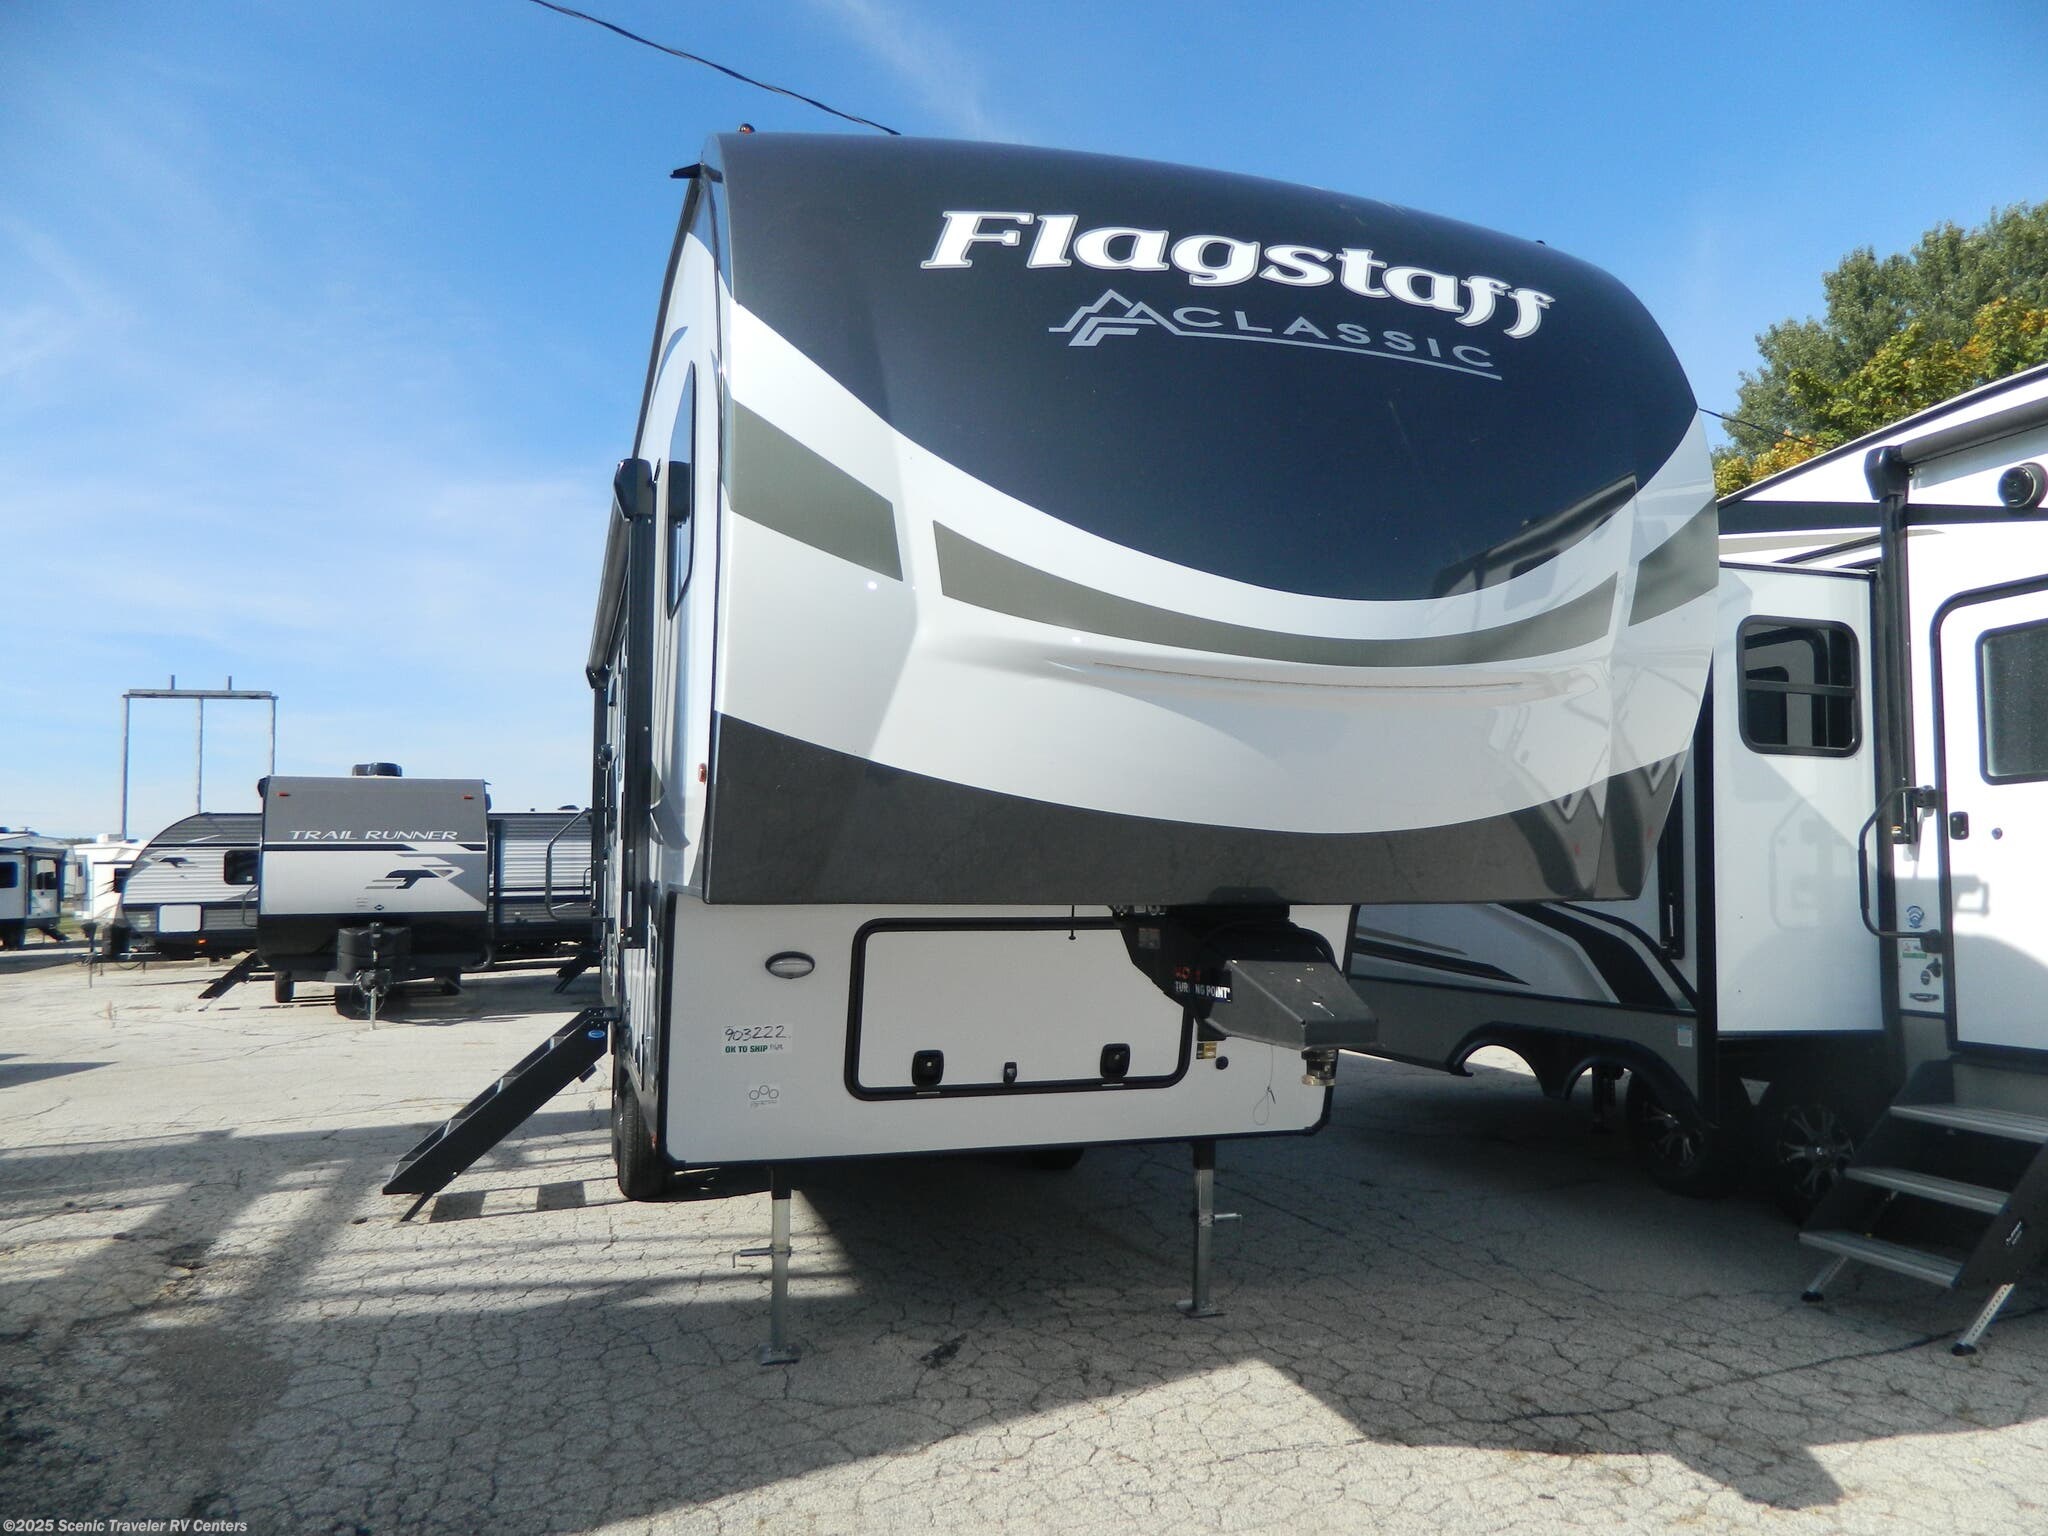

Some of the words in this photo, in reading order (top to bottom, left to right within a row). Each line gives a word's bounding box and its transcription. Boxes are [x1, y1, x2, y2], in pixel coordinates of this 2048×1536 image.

[920, 210, 1556, 339] Flagstaff
[1171, 306, 1494, 369] CLASSIC
[288, 830, 358, 841] TRAIL
[365, 830, 459, 841] RUNNER
[724, 1045, 736, 1053] OK
[738, 1045, 748, 1053] TO
[750, 1044, 768, 1053] SHIP
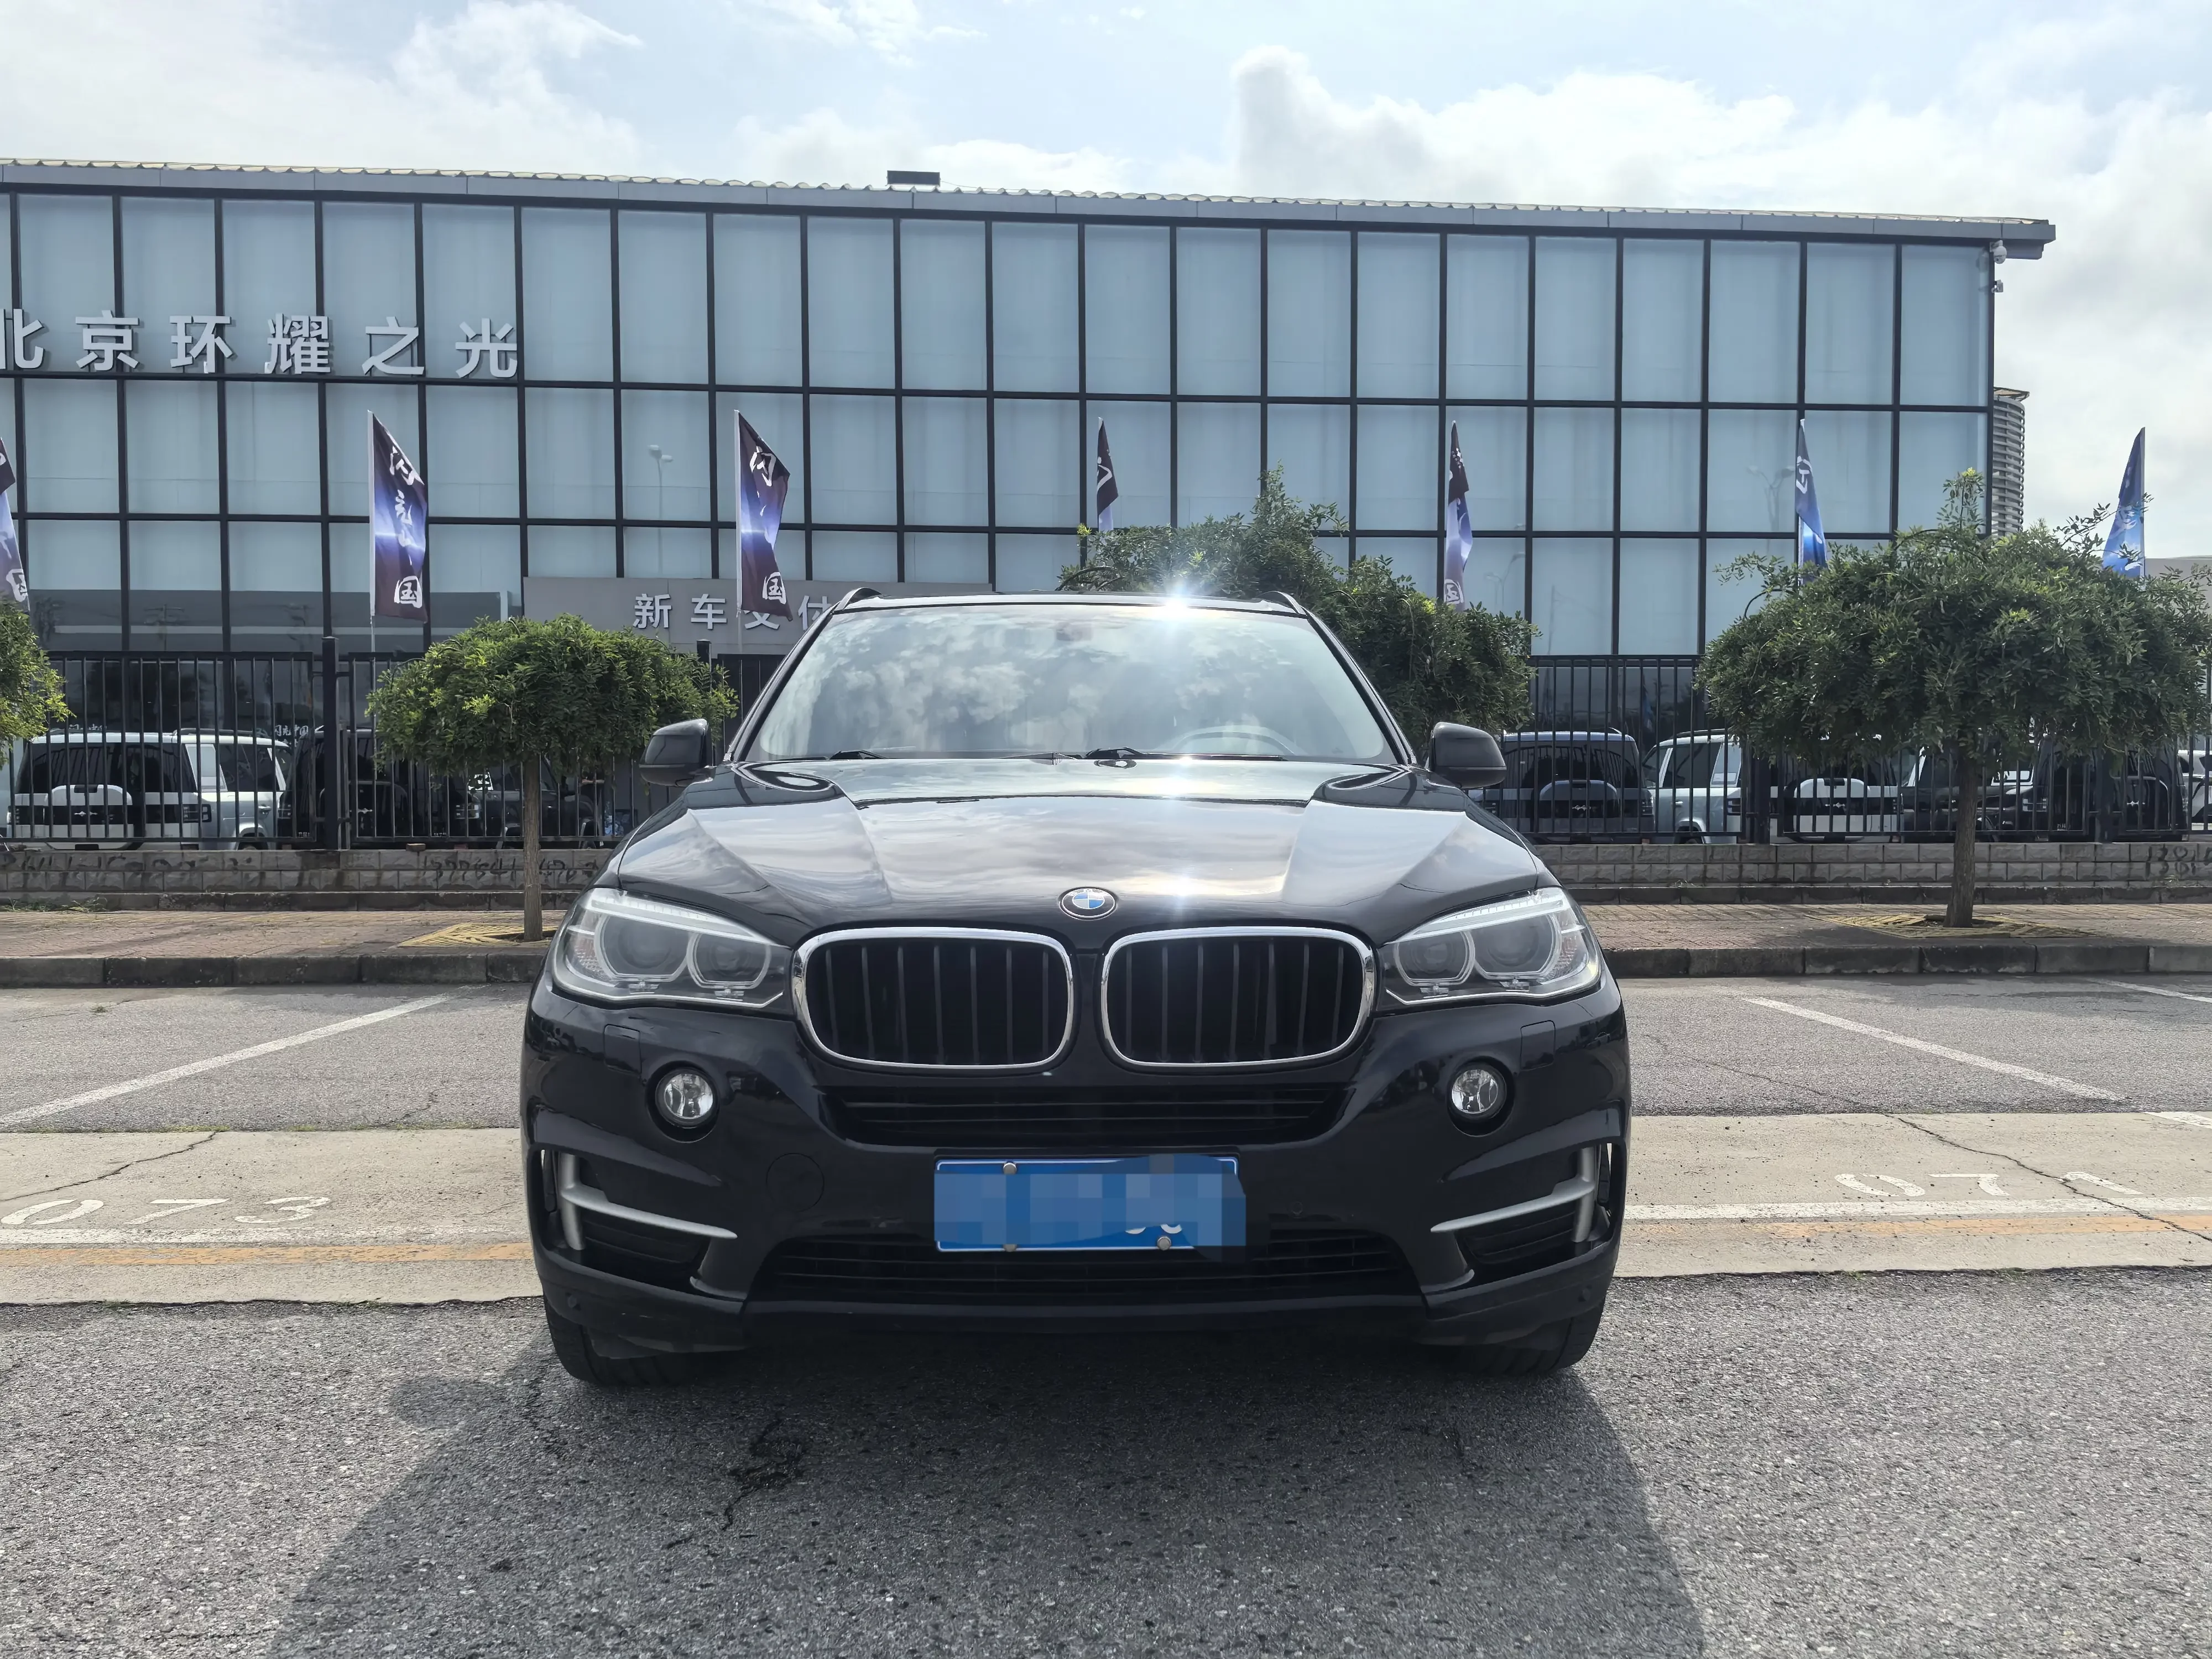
————————
→ **TASK STATEMENT**
Word for word, copy out each record; do not include pictures.

→ **RESPONSE FOR THIS EXERCISE**
Some of the words in this photo, in reading order (top to bottom, left to right within a row). Each line gives a word's bounding box and its transcription. Boxes are [x1, y1, x2, y2], in pixel coordinates of this 2048×1536 image.

[920, 210, 1556, 339] Flagstaff
[1171, 306, 1494, 369] CLASSIC
[288, 830, 358, 841] TRAIL
[365, 830, 459, 841] RUNNER
[724, 1045, 736, 1053] OK
[738, 1045, 748, 1053] TO
[750, 1044, 768, 1053] SHIP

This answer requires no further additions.